Scenario C: Socket Leakage (Zombie Connections)
If clients drop off the network without cleanly closing their sockets (e.g., losing signal inside a tunnel), the gateway server keeps the TCP socket open indefinitely. This leaks memory and file descriptors.
- Resiliency Mitigation: Implement aggressive heartbeat checks. If a client fails to respond to a ping with a pong message within two heartbeat intervals (e.g., 60 seconds), the gateway server terminates the connection, closes the file descriptor, and releases the allocated buffer memory.

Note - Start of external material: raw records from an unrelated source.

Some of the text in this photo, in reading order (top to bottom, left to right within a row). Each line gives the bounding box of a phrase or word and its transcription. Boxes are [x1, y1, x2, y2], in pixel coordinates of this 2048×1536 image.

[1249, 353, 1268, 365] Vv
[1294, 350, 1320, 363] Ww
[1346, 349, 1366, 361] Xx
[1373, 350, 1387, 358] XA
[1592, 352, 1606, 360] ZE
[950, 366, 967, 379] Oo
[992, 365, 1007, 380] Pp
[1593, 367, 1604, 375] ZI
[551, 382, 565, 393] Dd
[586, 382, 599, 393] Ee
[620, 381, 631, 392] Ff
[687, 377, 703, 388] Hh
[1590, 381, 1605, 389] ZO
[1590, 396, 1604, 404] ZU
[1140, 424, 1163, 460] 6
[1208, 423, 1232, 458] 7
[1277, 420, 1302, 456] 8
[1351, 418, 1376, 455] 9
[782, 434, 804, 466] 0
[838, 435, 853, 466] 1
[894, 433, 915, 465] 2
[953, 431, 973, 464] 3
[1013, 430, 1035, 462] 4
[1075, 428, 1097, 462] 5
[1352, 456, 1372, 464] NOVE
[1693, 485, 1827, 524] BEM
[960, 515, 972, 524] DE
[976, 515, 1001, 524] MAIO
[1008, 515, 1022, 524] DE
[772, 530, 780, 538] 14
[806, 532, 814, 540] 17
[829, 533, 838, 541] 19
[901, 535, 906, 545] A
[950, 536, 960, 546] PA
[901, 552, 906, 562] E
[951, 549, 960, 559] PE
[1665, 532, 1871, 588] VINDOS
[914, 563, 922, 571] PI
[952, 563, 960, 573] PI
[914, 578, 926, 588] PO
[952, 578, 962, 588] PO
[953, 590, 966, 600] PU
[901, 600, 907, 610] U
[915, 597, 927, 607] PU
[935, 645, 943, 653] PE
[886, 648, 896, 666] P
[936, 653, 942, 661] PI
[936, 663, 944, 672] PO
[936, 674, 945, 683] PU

Staff Engineer Perspective
Verbal Script
Verbal Script: Scaling Persistent Sockets
Interviewer: "How would you design a push system to deliver real-time notifications to 10 million concurrent active users?"

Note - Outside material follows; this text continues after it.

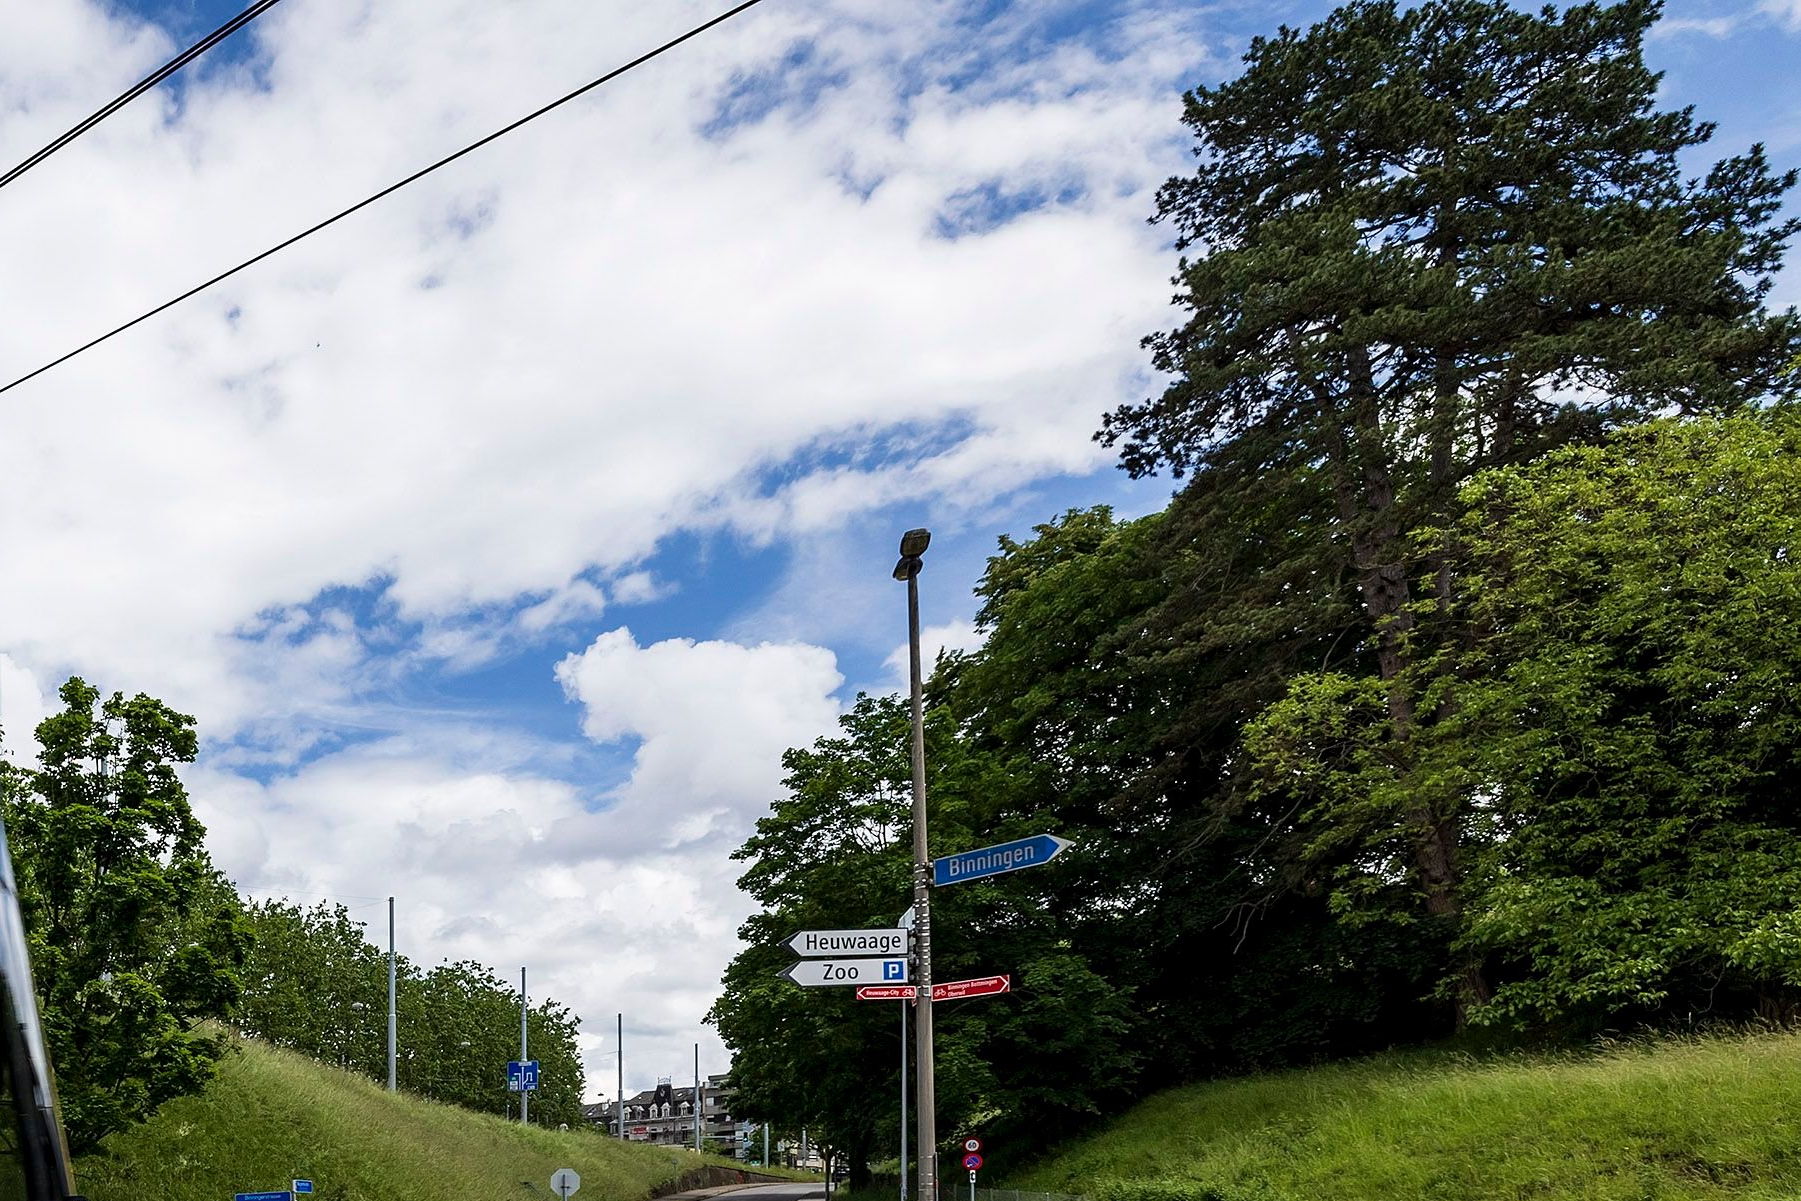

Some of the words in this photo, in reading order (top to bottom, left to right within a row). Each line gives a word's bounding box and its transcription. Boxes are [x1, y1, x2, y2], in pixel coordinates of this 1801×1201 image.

Candidate: "To handle 10 million concurrent users, I would design a stateful, horizontally scalable WebSocket fleet consisting of approximately 100 gateway nodes, with each node managing up to 100,000 open TCP connections. To decouple the stateless application servers from this stateful fleet, I would deploy a Redis Pub/Sub backplane as a message broker. When an application server needs to send a notification to User A, it queries a Redis routing registry to identify which gateway node currently holds User A's socket, then publishes the message to a channel dedicated to that specific node."
Interviewer: "Excellent. How would you optimize the operating system on the gateway nodes to support 100,000 open TCP sockets?"
Candidate: "First, we must configure the Linux OS limits. I would set the process file descriptor limit to at least 1,000,000 in limits.conf. Second, to prevent memory depletion, we must tune the TCP socket buffers. Standard Linux TCP allocations can consume up to 80GB of RAM for 10M sockets. By modifying /etc/sysctl.conf to decrease the net.ipv4.tcp_rmem and net.ipv4.tcp_wmem limits down to a 2KB minimum baseline, we can reduce the global memory footprint down to 20--30GB, allowing standard servers to operate efficiently. Third, we expand the local port range to 1024-65535 to prevent ephemeral port exhaustion."
Interviewer: "What fails when a gateway node goes down, and how do we prevent the re-connection storm from bringing down the rest of our fleet?"
Candidate: "When a gateway node holding 100,000 sockets crashes, the clients will immediately disconnect and attempt to reconnect. If they reconnect simultaneously, this thundering herd will crash the remaining gateway nodes. To prevent this, we must enforce exponential backoff with randomized jitter on the client-side reconnection logic. This spreads the reconnection attempts over a 2 to 3 minute window. On the gateway side, the load balancer should rate-limit incoming handshake requests, shedding load to maintain cluster stability while the fleet autoscales."